It is preliminary step of enhanced generics we know from C# and I hope all things finally clicked in for implementing this feature. Consider such code:

public class ClassModifier : TreeNode
{
  public bool IsAbstract { get; private set; }
  public bool IsVirtual { get; private set; }
  public bool IsStatic { get; private set; }

  private ClassModifier(NodeCoords coords)
    : base(coords)
  {
  }

  public static ClassModifier Abstract(NodeCoords coords)
  {
    return new ClassModifier(coords) 
      { IsAbstract = true };
  }
  ...

and

public class MethodModifier : TreeNode
{
  public bool IsAbstract { get; private set; }
  public bool IsVirtual { get; private set; }
  public bool IsStatic { get; private set; }
  public bool IsNew { get; private set; }
  public bool IsOverride { get; private set; }

  private MethodModifier(NodeCoords coords)
    : base(coords)
  {
  }

  public static MethodModifier Abstract(NodeCoords coords)
  {
    return new MethodModifier(coords) 
      { IsAbstract = true };
  }
...

Factory methods as usual, nothing special except the code is highly redundant. In PHP it can be expressed nicely because it has static constructor with late binding — it works like static polymorphism. It can be shortened in C# too, but with ugly twists.
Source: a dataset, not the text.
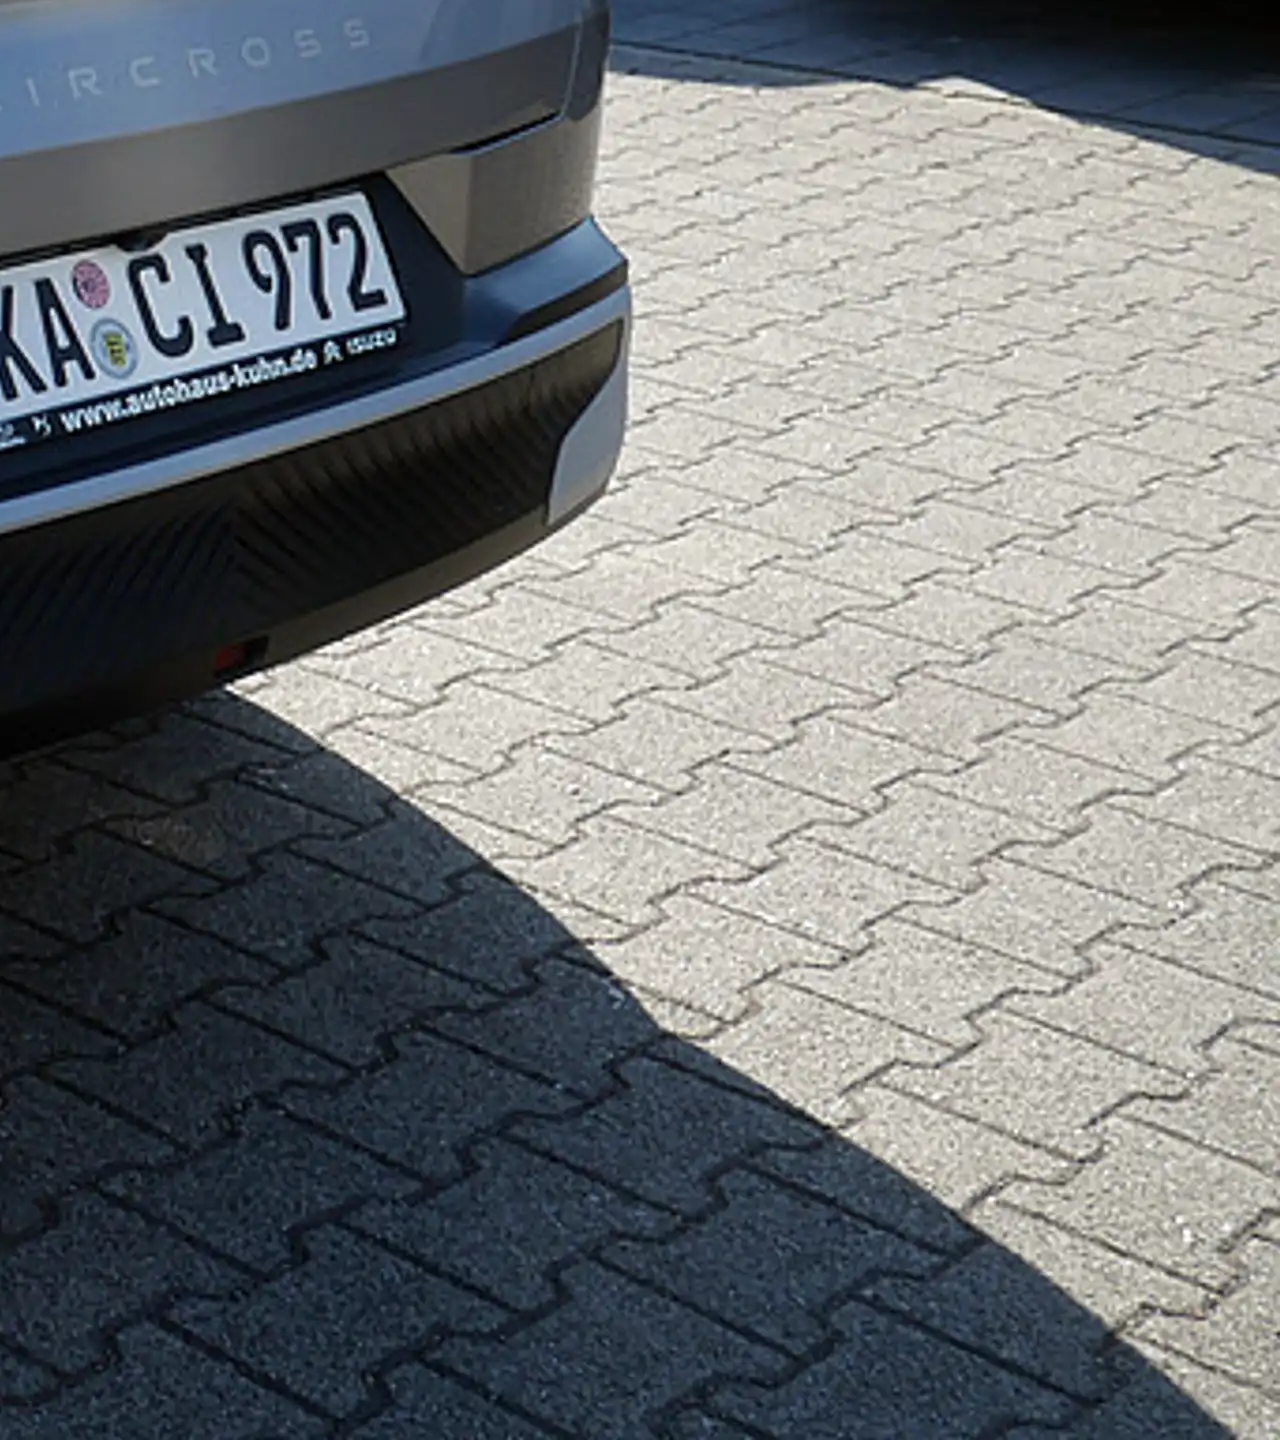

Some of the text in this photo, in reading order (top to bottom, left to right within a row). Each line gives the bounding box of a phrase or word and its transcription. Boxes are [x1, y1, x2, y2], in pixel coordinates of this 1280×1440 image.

[126, 242, 247, 358] CI
[241, 212, 389, 332] 972
[60, 346, 318, 435] www.autohaus-kuhn.de
However Skila is meant to be expressive and compiled language.

So I came up with idea of pinned constructor for the beginning. Once added to any class such constructor has to be overridden in every descendant class (or automatically upgraded). Secondly special keyword to express static polymorphism is needed — “SELF” sounds just right. With those two enhancements the code becomes much shorter (it is not Skila yet):

public class ClassModifier : TreeNode
{
  public bool IsAbstract { get; protected set; }
  public bool IsVirtual { get; protected set; }
  public bool IsStatic { get; protected set; }

  protected pinned ClassModifier(NodeCoords coords)
    : base(coords)
  {
  }

  public static SELF Abstract(NodeCoords coords)
  {
    return new SELF(coords) 
      { IsAbstract = true };
  }
  ...

public class MethodModifier : ClassModifier
{
  public bool IsNew { get; private set; }
  public bool IsOverride { get; private set; }
  ...
}

Thanks to pinned constructor it is safe to write “new SELF(coords)” — every class has to support such call. And because “SELF” works as implicit generics when I call “MethodModifier.Abstract()” I will get “MethodModifier”, not “ClassModifier” despite the fact the method is static and it is defined in “ClassModifier” class.